* _Try it_:
Would you transcribe each entry that follows word for word, minus the images?
-- Opening Marker --
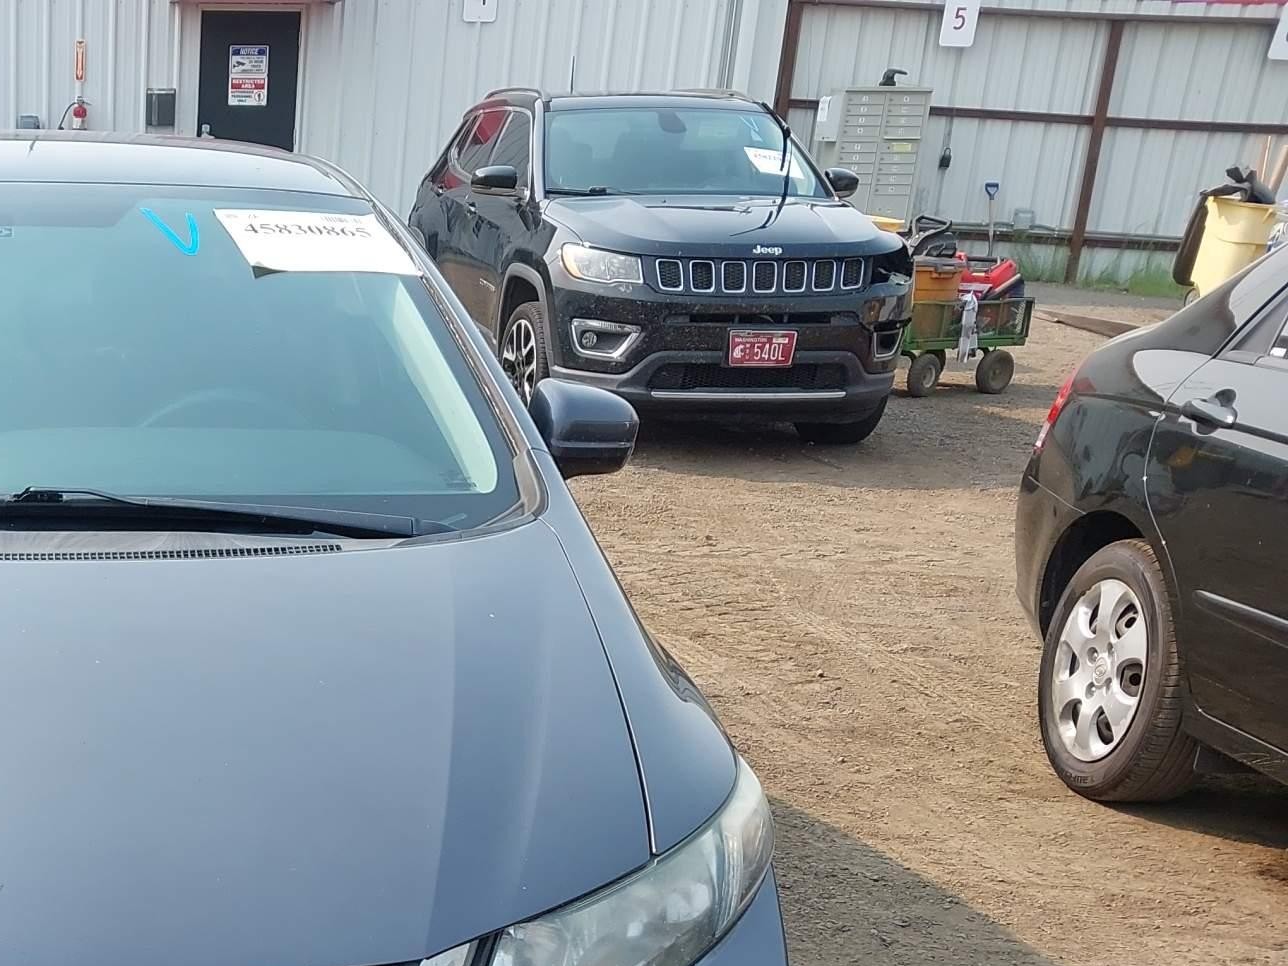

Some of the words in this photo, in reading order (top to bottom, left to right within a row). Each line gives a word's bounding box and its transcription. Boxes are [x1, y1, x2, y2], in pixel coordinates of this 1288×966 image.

[953, 7, 967, 30] 5
[244, 223, 372, 239] 45830865
[752, 244, 783, 256] Jeep
[753, 343, 786, 361] 540L
-- Closing Marker --
* _Answer to the problem_:
Some of the words in this photo, in reading order (top to bottom, left to right within a row). Each line gives a word's bounding box and its transcription. Boxes are [x1, y1, x2, y2], in pixel coordinates of this 1288×966 image.

[953, 7, 967, 30] 5
[244, 223, 372, 239] 45830865
[752, 244, 783, 256] Jeep
[753, 343, 786, 361] 540L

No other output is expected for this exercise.